[WORK REQUIRED]: Keep the pictures out and restate every record exactly.

[Collected data]
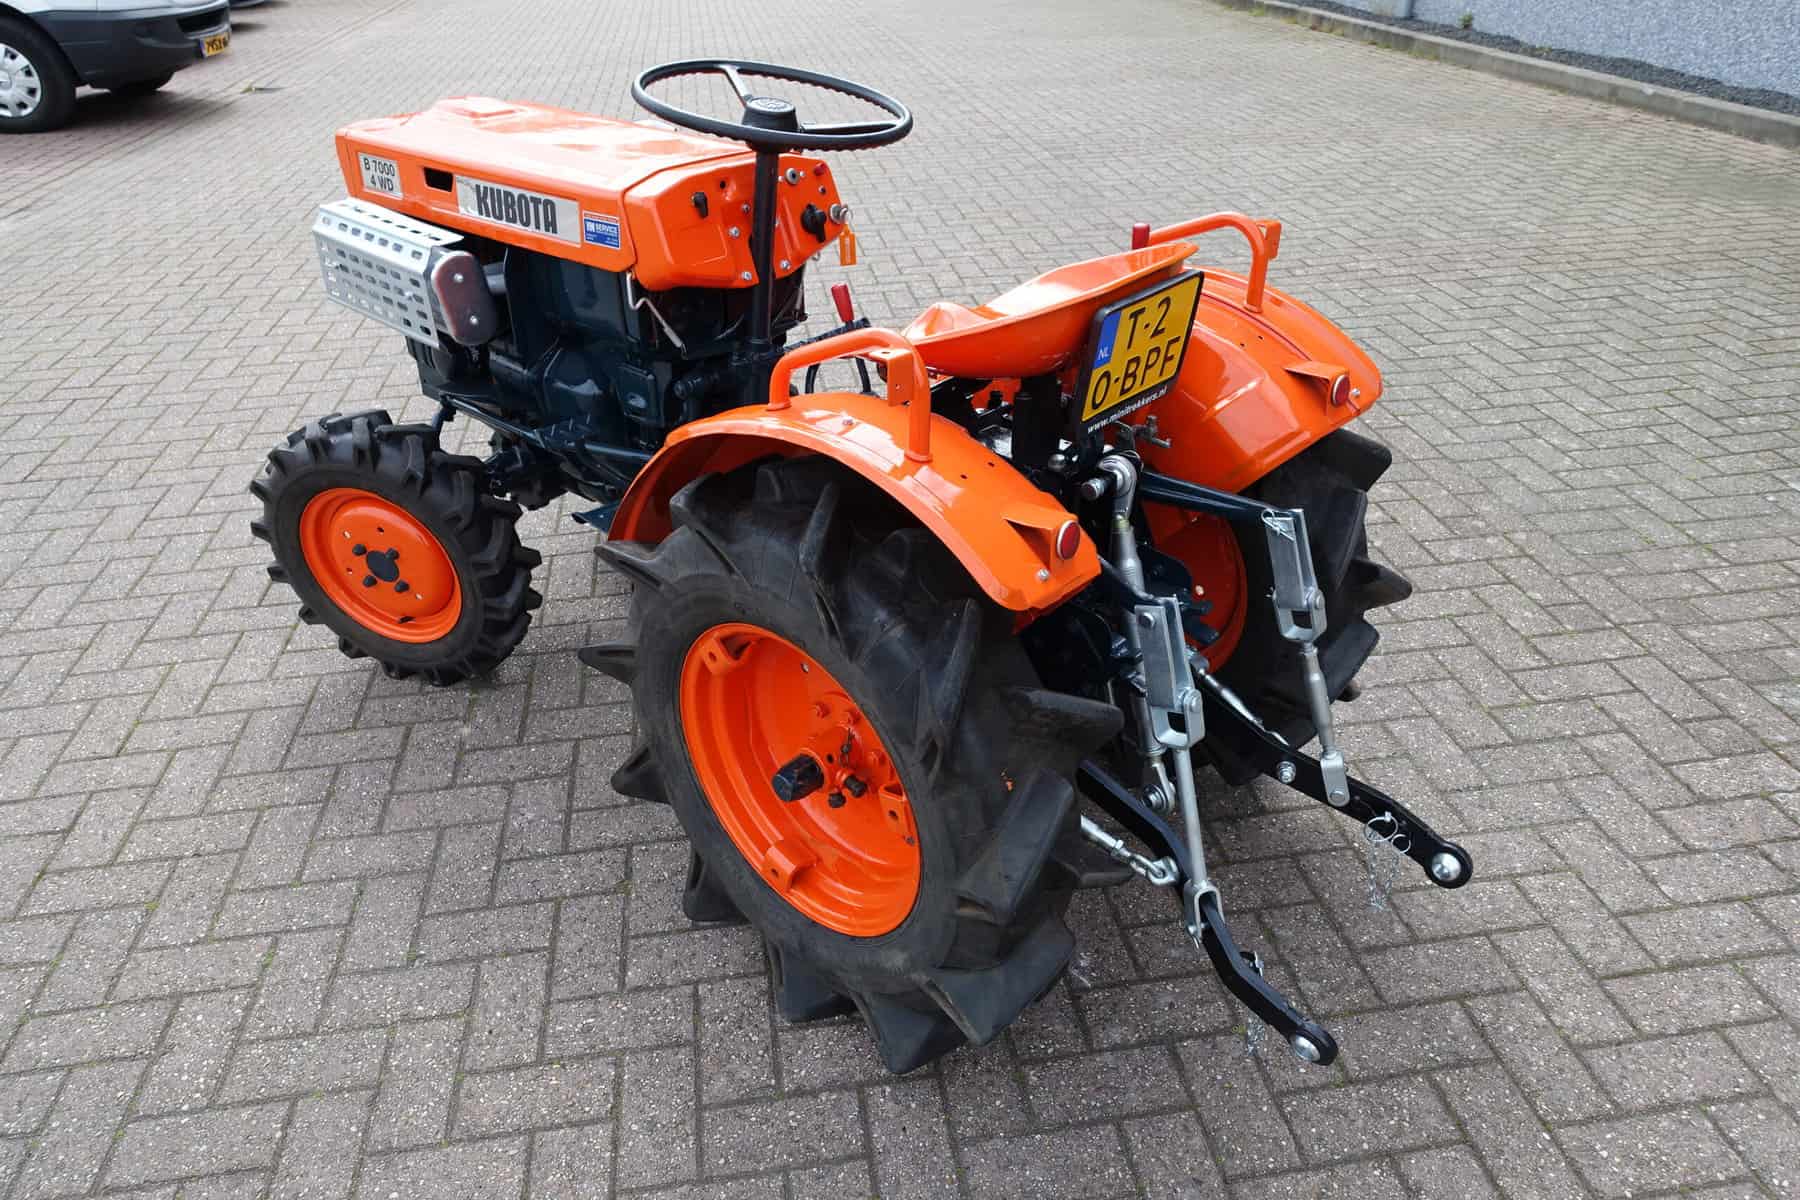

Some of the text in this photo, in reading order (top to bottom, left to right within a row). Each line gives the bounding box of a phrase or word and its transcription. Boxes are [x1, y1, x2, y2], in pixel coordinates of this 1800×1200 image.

[364, 158, 396, 177] B 7000
[370, 175, 394, 192] 4 WD
[475, 184, 558, 235] KUBOTA
[1125, 296, 1172, 350] T-2
[1098, 346, 1109, 360] NL

[WRITTEN ANSWER]:
Some of the text in this photo, in reading order (top to bottom, left to right within a row). Each line gives the bounding box of a phrase or word and its transcription. Boxes are [x1, y1, x2, y2], in pixel coordinates of this 1800×1200 image.

[364, 158, 396, 177] B 7000
[370, 175, 394, 192] 4 WD
[475, 184, 558, 235] KUBOTA
[1125, 296, 1172, 350] T-2
[1098, 346, 1109, 360] NL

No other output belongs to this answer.